Find vulnerable WordPress plugin versions fast using PowerShell

Use PowerShell to find vulnerable WordPress plugins on your Windows webserver fast, because on a daily bases, new vulnerabilities are found in WordPress plugins and you can count on the fact you have customers using that vulnerable version of that particular plugin.
Published on Friday, 8 May 2020

Screenshot by Jan Reilink

On a daily bases, new vulnerabilities are found in WordPress plugins. And when you host thousands of WordPress sites, you can count on the fact you have some customers using that vulnerable version of that particular plugin. So you need to find those vulnerable versions on your servers fast.

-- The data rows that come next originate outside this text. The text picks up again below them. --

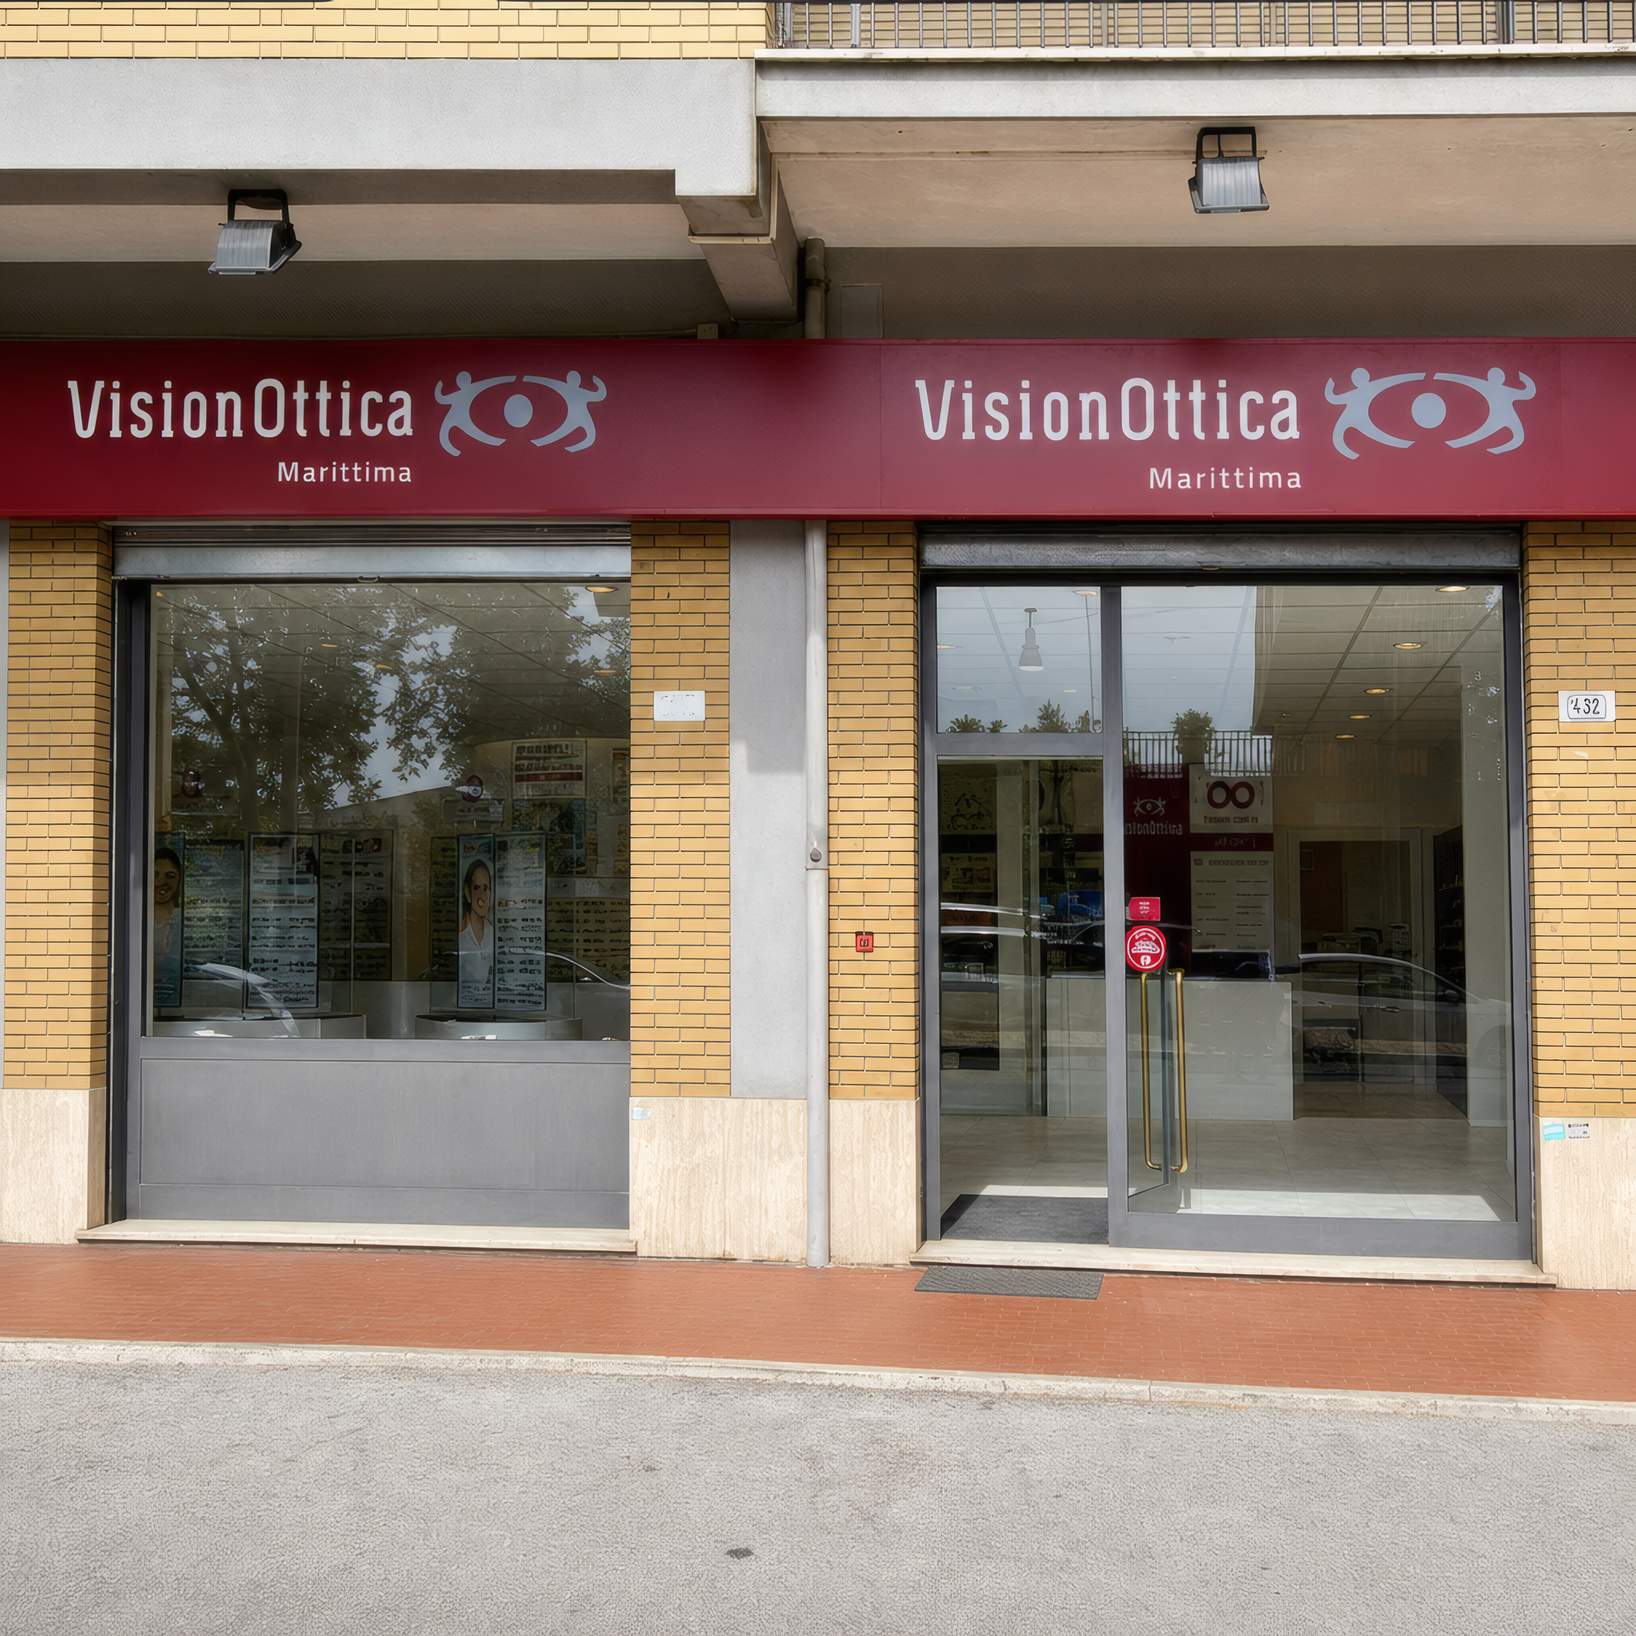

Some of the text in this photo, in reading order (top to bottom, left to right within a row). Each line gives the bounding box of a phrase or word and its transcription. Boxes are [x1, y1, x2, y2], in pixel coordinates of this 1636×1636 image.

[67, 378, 413, 439] VisionOttica
[915, 377, 1300, 441] VisionOttica
[277, 462, 412, 483] Marittima
[1149, 466, 1301, 489] Marittima
[1572, 698, 1600, 715] 432

On Windows Server, PowerShell is a perfect tool for the job!

Of course you must have other security measures in place, like a web application firewall, good OS security, separation of users and roles, IIS application pools, and all that. But that doesn't prevent you from having a vulnerable file on your server. And when you do, you want to find that file.

This PowerShell script helps me and my coworkers. Whenever we are notified about about a (major) vulnerability, like Elementor Pro ([1]) for example, I fire up the PS snippet and it lists all websites using a vulnerable version of the particular plugin.

All you need to gather first is: the WordPress plugin file having the version number in it (elementor-pro.php), and the safe, patched version (2.9.4).

UPDATE: As of 4:22 PM UTC today, May 7 2020, Elementor has released version 2.9.4 of Elementor Pro. Our threat intelligence team has verified that this patches this vulnerability. We recommend updating to this version immediately.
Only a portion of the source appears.